I don’t do pity. I hate it. I got it from every kid who felt bad for me, always being the new kid in school, the new American
who couldn’t decipher the slurs or the name-calling in the native tongue. ‘Well, don’t.’
‘You haven’t even gotten to hold your child.’
I stared past her into the darkness. My skin itched under the cast, probably along the stretch of arm where Daniel should
rest when I did get to hold him.
‘Time will come,’ I said.
‘Yes. I want that for you, more than anything. It is the best feeling ever. Nothing matches it for love, for terror, for hope.’
‘That sounds like a slogan for parenting.’
‘And you and I can be the poster children for single parents.’
In the dim light from the street’s glow I smiled. ‘I shouldn’t be on anyone’s poster.’
She lay close, but not pressing against me. For a minute the only sound was our breath in the room, the soft grind of the
air conditioner, the distant murmur of the city.
I turned my head to say something – I don’t remember what – and she kissed me, softly, then more insistently, her mouth hungry,
nipping at my lips. The kiss grew, deepened, her tongue tracing a delicious path.
The first time was from fear and stress. What was this? I was half dead but I felt my blood stir.
I tasted salt: the sting of her tears.
‘I didn’t mean to make you cry,’ I said. I could smell toothpaste on her breath; she’d brushed her teeth before she came to
me.
‘You didn’t.’
‘Why are you alone, with a child?’
‘I wanted to be alone.’
‘I never believe that. No one wants to be alone like that.’
Her hands had moved to my chest; her fingernails moved along my skin and my breath nearly left me.
‘You don’t have to use your arm, you know. I’ll do the work.’ She kissed me again. ‘How sore are you?’
The correct answer was very, but I said, ‘Not a bit.’
Probably people whose kids are in mortal danger shouldn’t be having sex together. We’re wrecks. It’s not like this moment
could bring intimacy or grace.
But there was none of that. Only an exhausting, fierce rawness of energy and anger and fury. At one point, her atop me and
deep in her pleasure, she hammered at my shoulders, forgetting in the dark that I was a bruised beast. It was pain and glory
all at once. That or she decided to fake an orgasm and beat the snot out of me at the same time.

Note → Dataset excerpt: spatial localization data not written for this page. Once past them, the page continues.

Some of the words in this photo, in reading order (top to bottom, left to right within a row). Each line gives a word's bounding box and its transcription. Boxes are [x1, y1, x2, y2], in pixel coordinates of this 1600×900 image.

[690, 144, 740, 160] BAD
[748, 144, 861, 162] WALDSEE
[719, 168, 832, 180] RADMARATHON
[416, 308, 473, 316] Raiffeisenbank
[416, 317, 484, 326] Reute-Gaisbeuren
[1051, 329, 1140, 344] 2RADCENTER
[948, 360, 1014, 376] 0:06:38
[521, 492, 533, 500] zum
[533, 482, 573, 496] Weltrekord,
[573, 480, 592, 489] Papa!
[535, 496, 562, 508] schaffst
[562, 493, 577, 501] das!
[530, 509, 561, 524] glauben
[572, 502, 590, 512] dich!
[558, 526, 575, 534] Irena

She collapsed on me when we were both spent and her body was warm and wonderful and rich, lying against mine. Silence, only
broken by breathing. I nuzzled her hair.
‘That was good,’ she breathed.
‘Yes. Very for me,’ I said.
‘And very for me.’ She cupped my face in her hands. ‘We have to get them back, Sam. We can’t fail.’
‘I know. I know. We will.’
‘Tell me what you’re planning.’
‘No. I can’t.’
‘Why?’
‘Because if I do, you’ll say no.’
‘Don’t … don’t you trust me?’ Her breath seeped against my throat, her nails traveled my chest.
‘Yes.’
‘So tell me.’
‘Tomorrow Jack Ming goes down and our kids are going to be okay. All right?’

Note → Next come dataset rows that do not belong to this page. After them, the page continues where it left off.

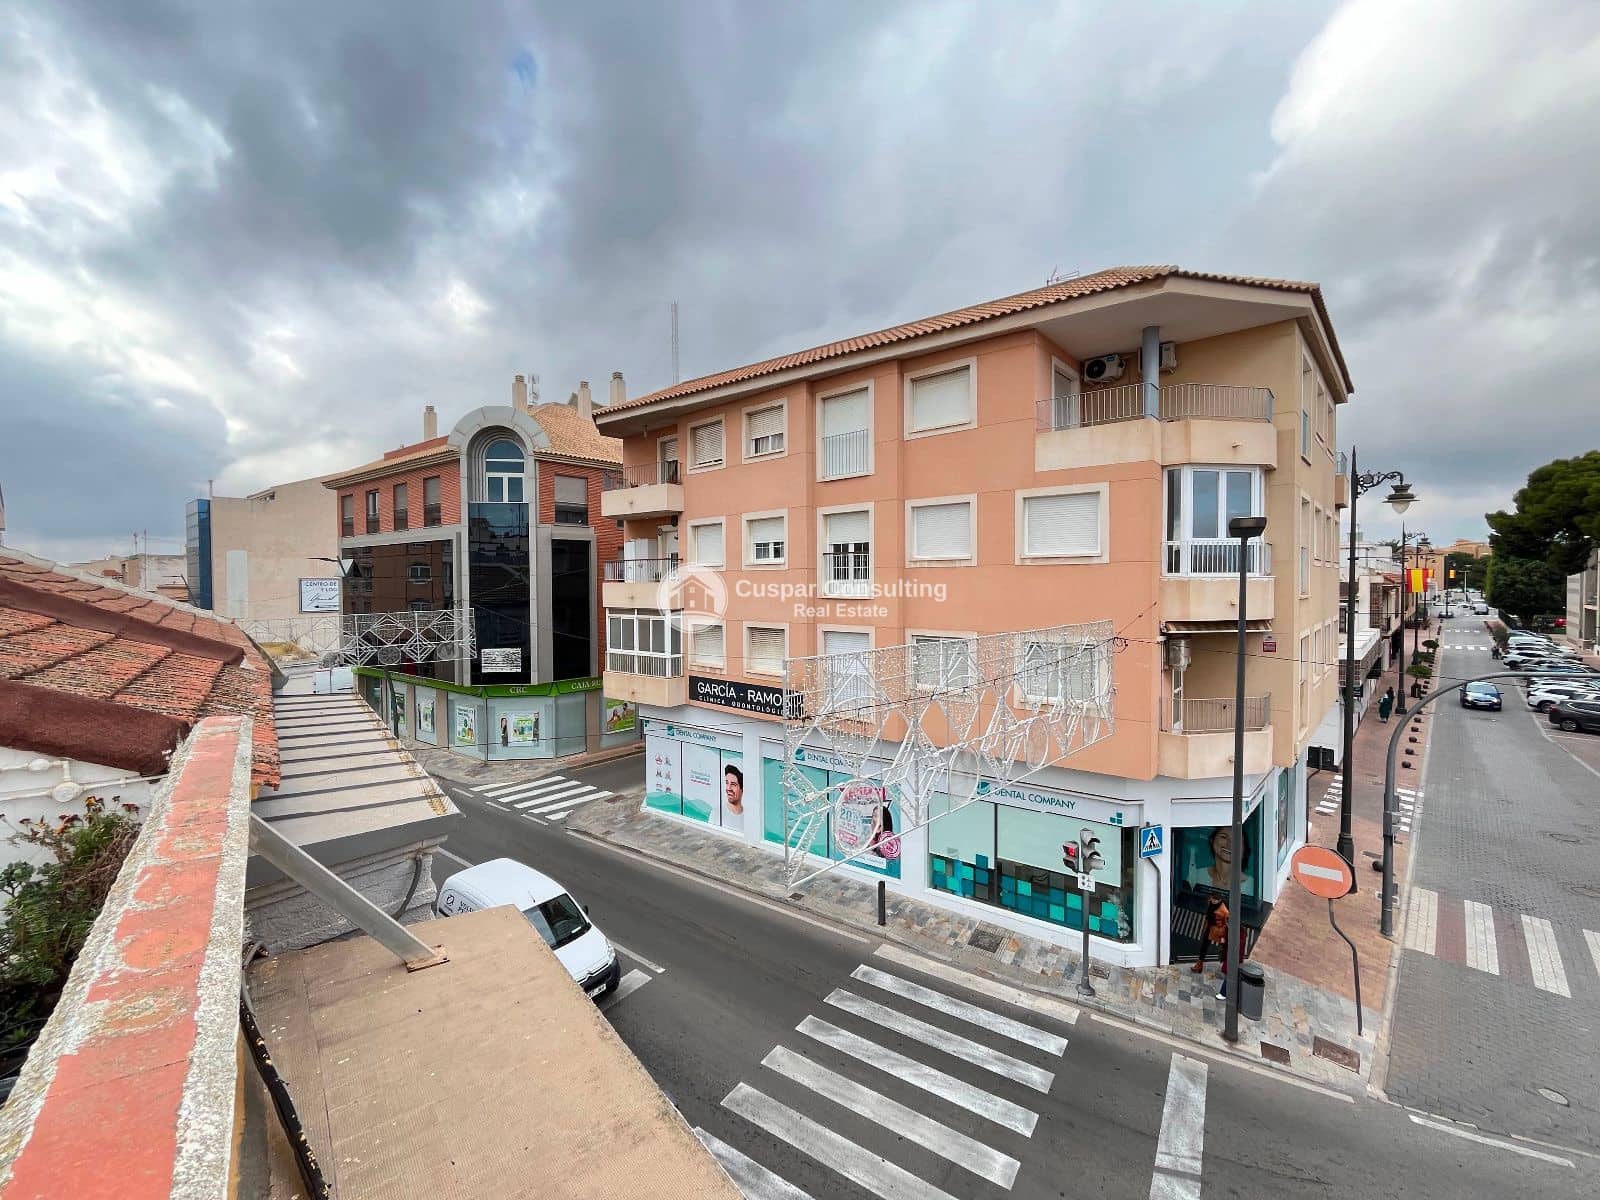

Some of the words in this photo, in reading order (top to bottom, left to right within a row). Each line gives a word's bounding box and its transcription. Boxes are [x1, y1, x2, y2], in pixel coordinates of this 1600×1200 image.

[697, 681, 736, 699] GARCÍA
[747, 689, 785, 707] RAMO
[675, 729, 692, 738] DENTAL
[692, 732, 717, 741] COMPANY
[994, 787, 1026, 801] DENTAL
[1028, 793, 1076, 810] COMPANY

She lay next to me, not cuddling, but lying there. Present, our breath close together. I suspected she wanted to beat me to
a pulp in her trembling anger, but she needed me functioning. So she let me keep my secrets.
While she kept all her own.
I got up while she slept, put on my clothes despite my exhaustion, and slipped out into the night.
Sam’s phone, buzzing, woke Leonie. She groped across the empty bed for him; he was gone.
She sat up and grabbed for the phone.
‘Yes?’
‘Leonie. Let me speak to Sam.’ She didn’t know this voice. It was the phone Anna Tremaine gave them as the lifeline to Nine
Suns, to get their instructions, but it was not Anna on the phone. A man’s voice, crisp and precise and cold.
‘He’s … he’s not here.’
‘Where is he?’
‘I don’t know. I was asleep. Who is this?’
‘This is the man who can have your kid killed with one phone call.’
‘Please. Please don’t.’
‘I presume you are capable of taking a message?’
‘Yes.’
‘Tell Sam I will call back in one hour. I am not happy that he is not near this phone. What if I was calling him to tell him
that I knew where Jack Ming was?’
‘Then I’d go kill Ming,’ she said. ‘We already know where he’s going to be tomorrow. Central Park.’